県知事、県政も協力してやればいいと思いますが、世界遺産って国レベルの話のはず。特に、訪日1000万人とか、3000万人とか、オリンピック以降の日本の観光立国などという話をする上では、ほぼその根幹になる話。なのに、観光庁も、環境省も、経済産業省も出てこずに、推薦の時だけ文化庁が出てきて、あとは地方自治体任せな感じがするのはとても違和感があります。
もちろん、世界遺産になったからと言って、いきなり観光資源として、経済原理だけで回っていいわけもありません。持続可能な形を作るには、仕組みが何より大事。攻める部署、省庁と、守る部署、省庁が拮抗してモノごとを決めていく形になるのがいいと思うのですが、地方自治体同士では攻める、守るということよりも、地方自治体同士の拮抗の方が大きくなりすぎて、特に、山梨県と静岡県が折り合うなんてことはないと思います。だって、囚人のジレンマ状態でしょ。この状態では部分最適の和が全体最適になる訳もなく、看守たる国がジレンマを解かなければ進みません。
山梨県、静岡県みたいな分かりやすい囚人のジレンマに陥らなくても、やはり地方自治体の首長は直接選挙で選ばれているわけで、国の将来の方向性と足元の県民の生活とが天秤にかかることはないでしょう。例えば屋久島島民の生活はもちろん重要ですが、その上で国として成立させなきゃ行けないものもあるはずです。そして、その利害を調整するのが行政の役割なんじゃないでしょうか。
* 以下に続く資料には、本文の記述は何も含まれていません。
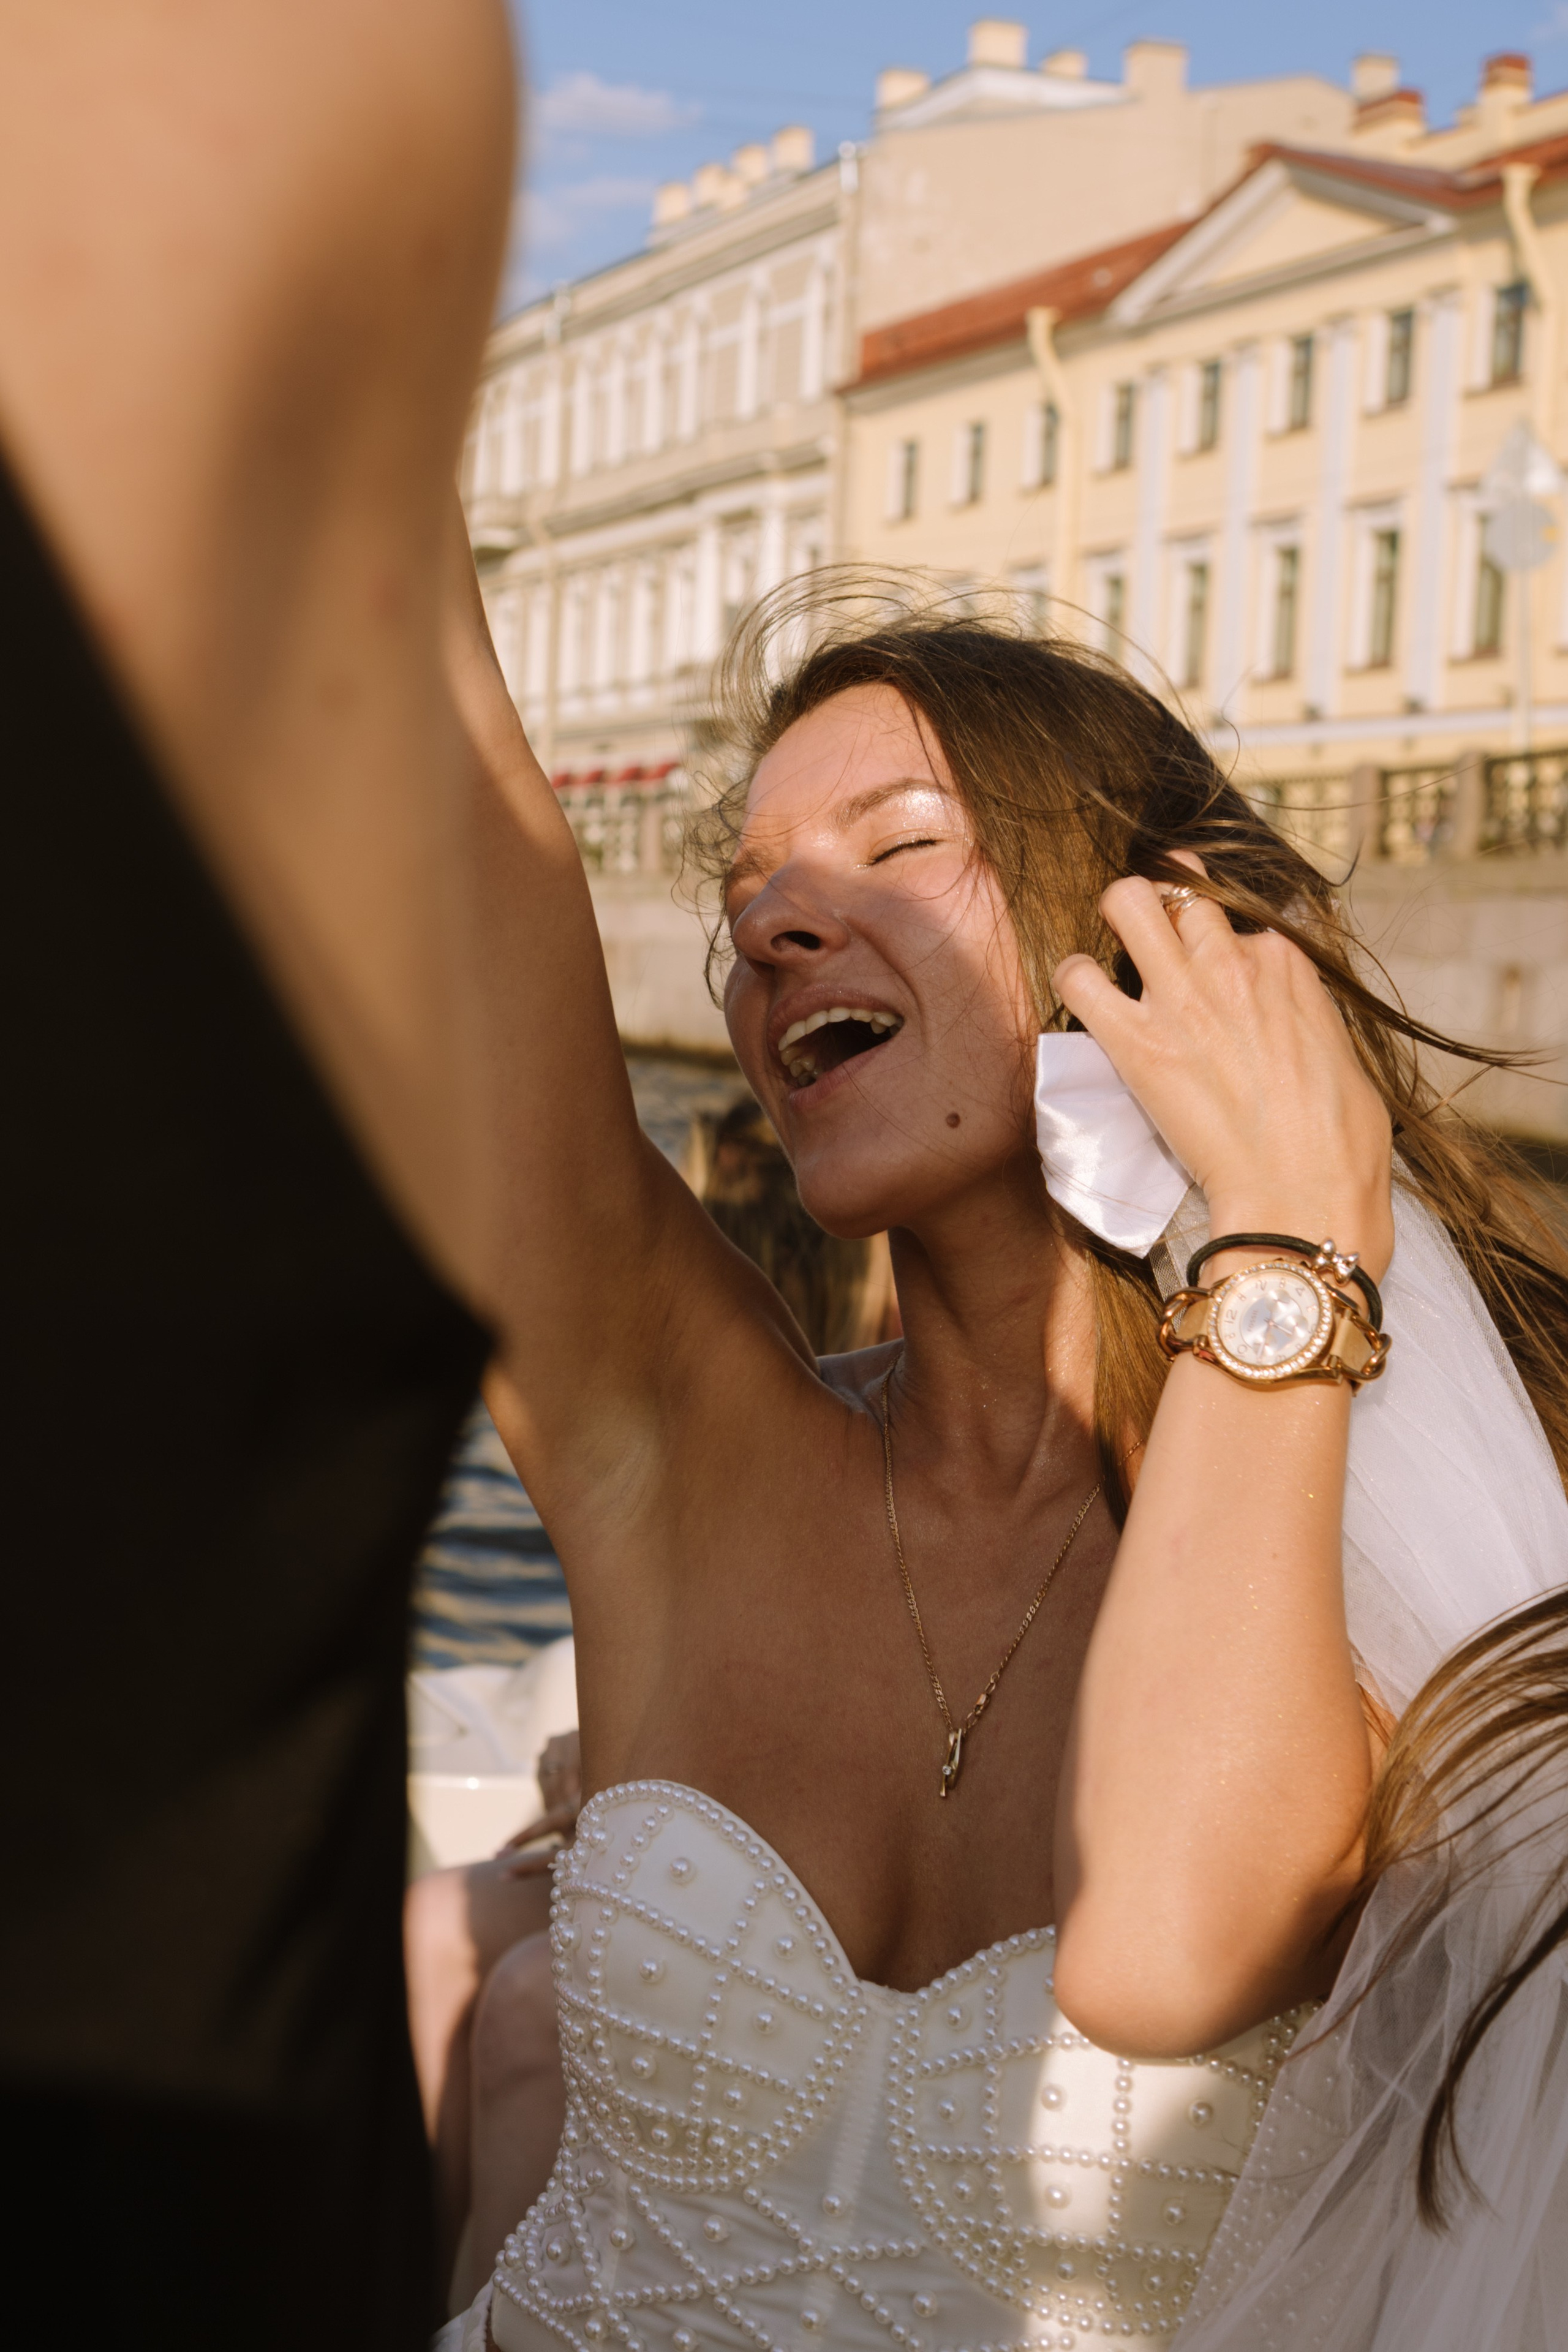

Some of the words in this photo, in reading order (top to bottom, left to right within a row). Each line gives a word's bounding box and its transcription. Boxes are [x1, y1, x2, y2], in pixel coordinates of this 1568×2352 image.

現状の国の体制は、攻める側は、観光「庁」です。守る側は、環境「省」+林野「庁」。もう力関係的に拮抗させるつもりがないことが明らかで、観光立国にはなり得ない体制になっているように見えます。
ここは一つ、観光庁を、観光省に格上げして、国交省から離れて、むしろ経産省と仲良くして、世界遺産「庁」を作るとかでどうでしょうか?そして、環境省と議論を重ねてどこを変えるか、どこを変えるべきではないか、ということを決めていく。県など地方自治体は、もちろんその議論には加わる、というあたりが落としどころではないでしょうか。
各論で、保全協力金がどうとか、頂上がどちらの県だとか、外国人対応どうするかとか、トイレ問題とかあると思います。それぞれ議論を重ねて解決することは大事だと思います。ただ、近視眼的に保全金を何に使うか、とかという話じゃなく、もっと長い目で見たときには、誰が大枠のデザインを描くか、ということをはっきりさせる仕組みが一番大事。そして、そのあるべき形での主導者は地方自治体の首長ではないんだと思います。